Statistical analyses

A total of 92 PFS events were needed to have ≥80% power to test the primary hypothesis using a one-sided log-rank test at the 0.2 significance level. All efficacy analyses were conducted using the FAS, whereas the sensitivity analyses were performed on the per protocol analysis set (PPAS; patients on treatment without major protocol deviations). Treatment group differences for the primary endpoint were tested using unstratified log-rank tests. The stratified analysis was performed as sensitivity analysis. The HR of the treatment effect was calculated using Cox proportional hazards models, and median PFS was estimated using the Kaplan–Meier method. Alternatively, treatment group differences for ORR, defined as the best objective response per RECIST v1.1 (26), were evaluated using χ² and Cochran–Mantel–Haenszel test adjusted by stratification factors. All statistical analyses were conducted using SAS version 9.2 or higher in Unix.

Data sharing statement

Lilly provides access to all individual participant data collected during the trial, after anonymization, with the exception of pharmacokinetic or genetic data. Data are available to request 6 months after the indication studied has been approved in the United States and European Union and after primary publication acceptance, whichever is later. No expiration date of data requests is currently set once data are made available. Access is provided after a proposal has been approved by an independent review committee identified for this purpose and after receipt of a signed data sharing agreement. Data and documents, including the study protocol, statistical analysis plan, clinical study report, blank or annotated case report forms, will be provided in a secure data sharing environment. For details on submitting a request, see the instructions provided at www.vivli.org.

Results

A total of 142 patients were enrolled in the study and treated between April 2015 and April 2020. Phase Ib consisted of 13 patients and phase II enrolled 129 patients.

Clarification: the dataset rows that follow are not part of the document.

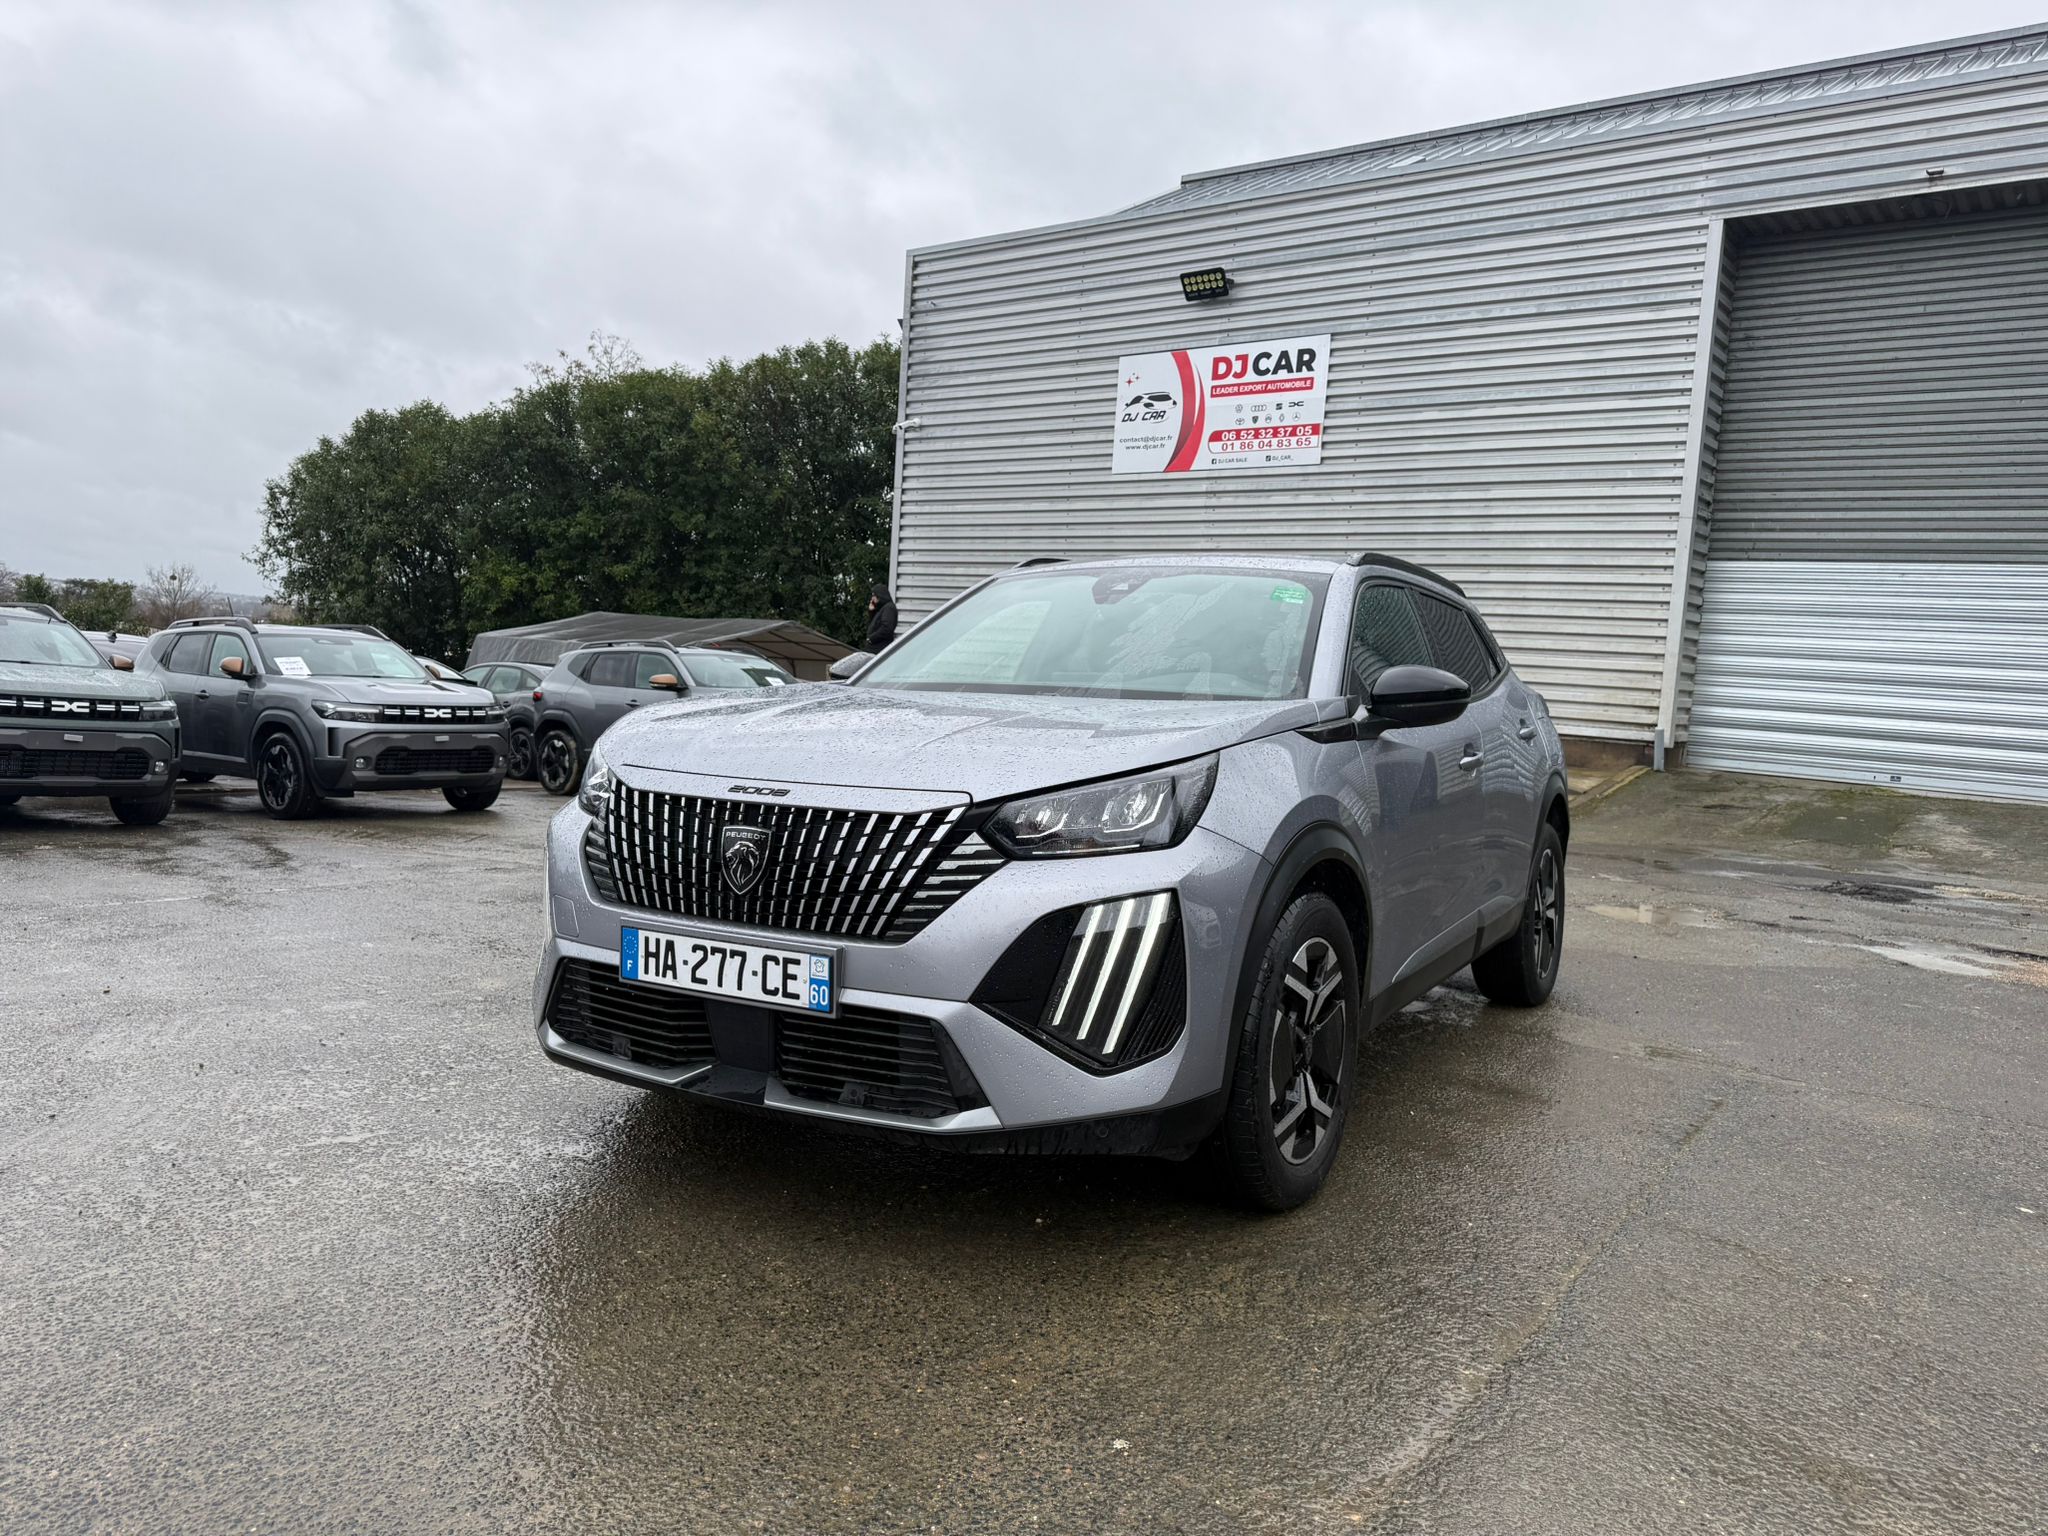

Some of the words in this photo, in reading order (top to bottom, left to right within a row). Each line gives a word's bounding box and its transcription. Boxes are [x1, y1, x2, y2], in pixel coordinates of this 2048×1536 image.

[1212, 354, 1249, 381] DJ
[1252, 348, 1316, 376] CAR
[1212, 386, 1239, 395] LEADER
[1239, 383, 1266, 393] EXPORT
[1266, 380, 1311, 391] AUTOMOBILE
[1121, 412, 1139, 422] DJ
[1141, 410, 1167, 421] CAR
[1119, 434, 1173, 443] contact@djcar.fr
[1221, 431, 1236, 441] 06
[1240, 430, 1255, 440] 52
[1258, 428, 1273, 438] 32
[1277, 427, 1292, 437] 37
[1296, 425, 1312, 436] 05
[1221, 442, 1235, 451] 01
[1239, 441, 1254, 450] 86
[1258, 440, 1273, 449] 04
[1276, 438, 1292, 448] 83
[1296, 437, 1312, 447] 65
[727, 785, 791, 797] 2008
[725, 831, 766, 840] PEUGEOT
[627, 960, 633, 971] F
[810, 984, 828, 1005] 60

Patients and disease characteristics

Phase Ib

The median patient age was 77.0 years (range, 61–88 years) and majority of the patients were white (84.6%). All 13 patients in this phase had an ECOG PS of either 0 (53.8%) or 1 (46.2%). Of the 13 patients enrolled, 11 patients received samotolisib (200 mg twice daily) monotherapy followed by samotolisib (200 mg twice daily) plus enzalutamide (160 mg once daily) in phase Ib. The remaining 2 patients discontinued after samotolisib monotherapy due to physician decision and withdrawal of patient consent, respectively. Withdrawal of consent (53.8%), progressive disease (38.5%), and nonstudy treatment-related death (7.7%) were primary reasons for study discontinuation. The primary reason for samotolisib discontinuation was withdrawal of consent (46.2%; Supplementary Fig. S1).

Phase II

For the overall population in phase II, the median age was 70.0 (45–91) years, and the majority of patients were white (83.7%) with an ECOG score of either 0 (53.5%) or 1 (45.0%). Most patients had adenocarcinoma (85.3%) with bone metastasis (93.0%). The median time from initial diagnosis was 59.0 months (range, 4–287). Prior docetaxel use for metastatic hormone-sensitive prostate cancer was reported in 26.4% of patients and 20.2% had visceral disease (Table 1). A total of 129 patients were randomized to samotolisib (200 mg twice daily) plus enzalutamide (160 mg once daily) arm (n = 65) and the placebo plus enzalutamide (160 mg once daily) arm (n = 64). Patients in phase 2 discontinued the study (72.1%) and samotolisib (63.6%) predominantly due to progressive disease (Supplementary Fig. S1).

Table 1.

Demographic and disease characteristics.

	Phase Ib	Samotolisib + enzalutamide	Placebo + enzalutamide	Total, phase II
Parameters	n = 13	n = 65	n = 64	N = 129
Age in years, median (range)	77 (61–88)	69 (49–86)	71 (45–91)	70 (45–91)
Race, white	11 (84.6)	53 (81.5)	55 (85.9)	108 (83.7)
Time since initial diagnosis, median (range), months		57.5 (13–256)	67.1 (4–287)	59.0 (4–287)
ECOG PS, 0 / 1, n	7/6	34/30	39/25	69/58
Prior docetaxel for mHSPC		17 (26.2)	17 (26.6)	34 (26.4)
Visceral disease		12 (18.5)	14 (21.9)	26 (20.2)
Disease sites
Bone		59 (90.8)	61 (95.3)	120 (93.0)
Distant lymph nodes		19 (29.2)	14 (21.9)	33 (25.6)
Local/regional lymph nodes		18 (27.7)	17 (26.6)	35 (27.1)
Liver		5 (7.7)	4 (6.3)	9 (7.0)
Lung		7 (10.8)	8 (12.5)	15 (11.6)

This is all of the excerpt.